**WHAT TO PRODUCE**
Exclude the pictures and transcribe the rest of the data below exactly.

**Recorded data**

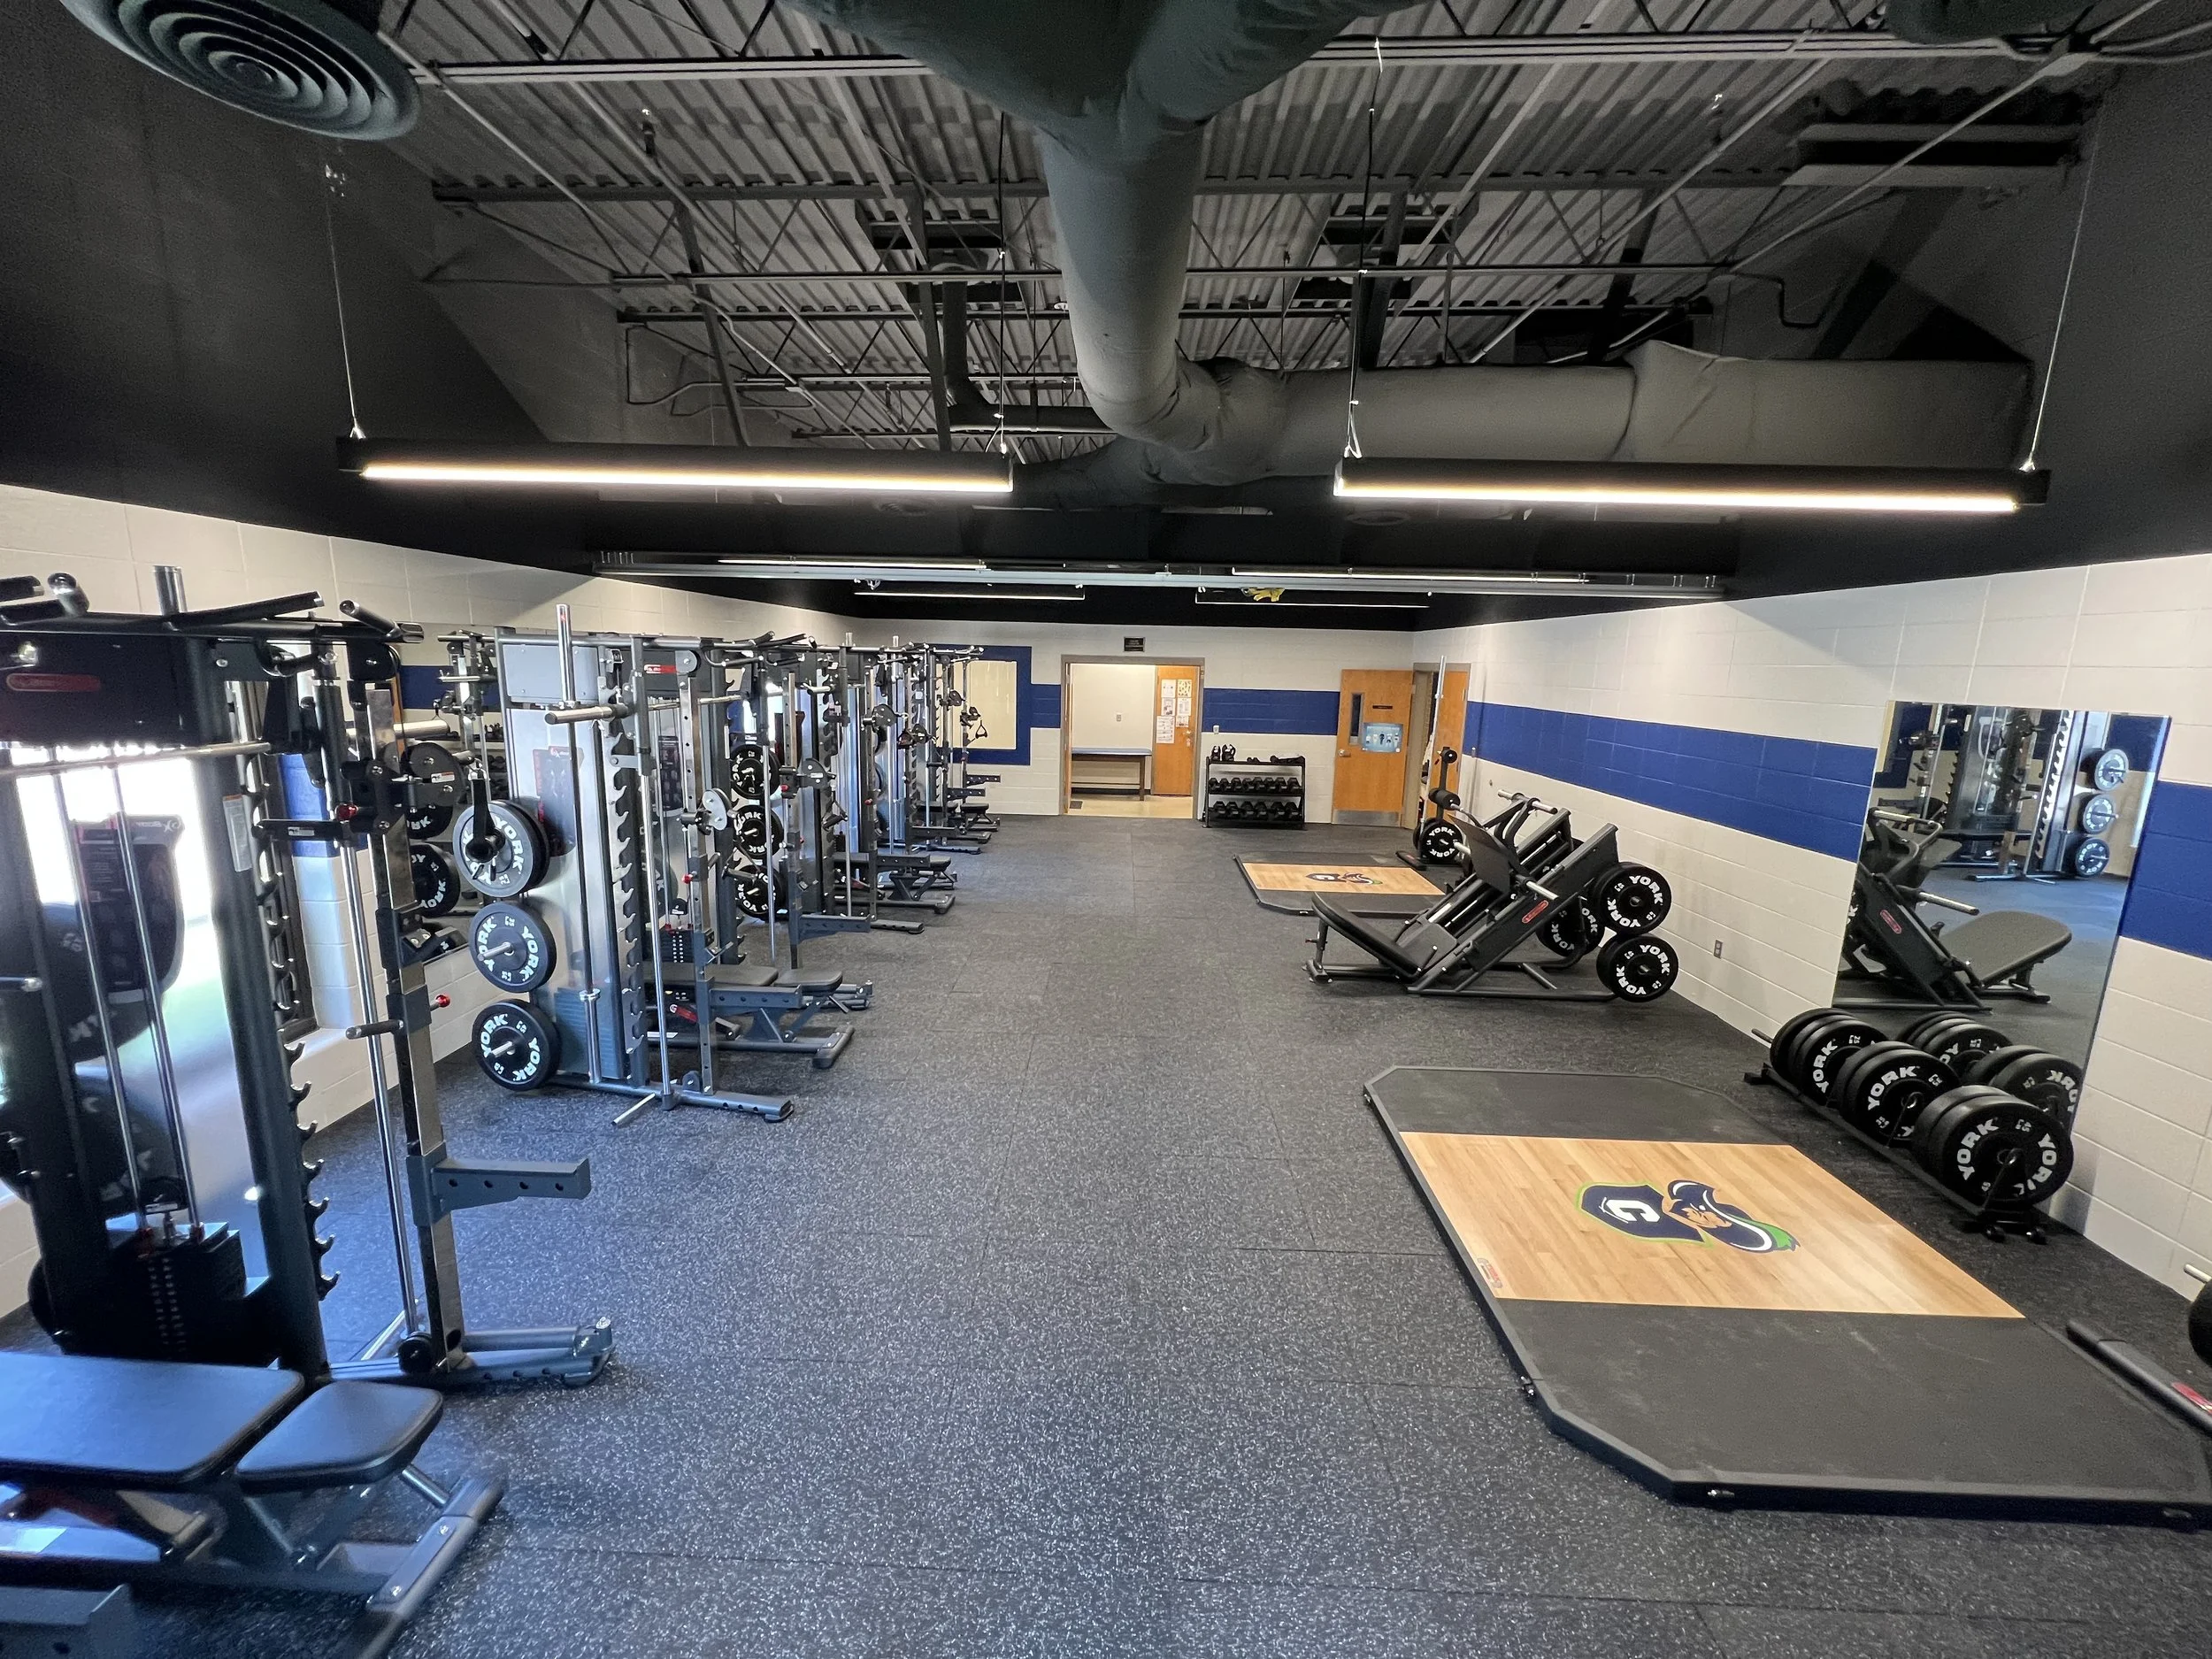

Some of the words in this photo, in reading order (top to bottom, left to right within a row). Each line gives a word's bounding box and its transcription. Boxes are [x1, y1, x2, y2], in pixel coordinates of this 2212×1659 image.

[495, 816, 525, 872] YORK
[1428, 826, 1455, 837] YORK
[1429, 848, 1455, 858] YORK
[737, 884, 757, 912] YORK
[1629, 875, 1663, 904] YORK
[1581, 907, 1598, 933] ORK
[1607, 898, 1641, 928] YORK
[521, 926, 539, 980] YORK
[1640, 945, 1671, 974] YORK
[1616, 965, 1647, 995] YORK
[480, 1014, 509, 1057] YORK
[512, 1037, 540, 1081] YORK
[1813, 1041, 1839, 1094] YORK
[1868, 1066, 1917, 1110] YORK
[1956, 1118, 2000, 1180] YORK
[2013, 1133, 2057, 1195] YORK

**TASK RESPONSE**
Some of the words in this photo, in reading order (top to bottom, left to right within a row). Each line gives a word's bounding box and its transcription. Boxes are [x1, y1, x2, y2], in pixel coordinates of this 2212×1659 image.

[495, 816, 525, 872] YORK
[1428, 826, 1455, 837] YORK
[1429, 848, 1455, 858] YORK
[737, 884, 757, 912] YORK
[1629, 875, 1663, 904] YORK
[1581, 907, 1598, 933] ORK
[1607, 898, 1641, 928] YORK
[521, 926, 539, 980] YORK
[1640, 945, 1671, 974] YORK
[1616, 965, 1647, 995] YORK
[480, 1014, 509, 1057] YORK
[512, 1037, 540, 1081] YORK
[1813, 1041, 1839, 1094] YORK
[1868, 1066, 1917, 1110] YORK
[1956, 1118, 2000, 1180] YORK
[2013, 1133, 2057, 1195] YORK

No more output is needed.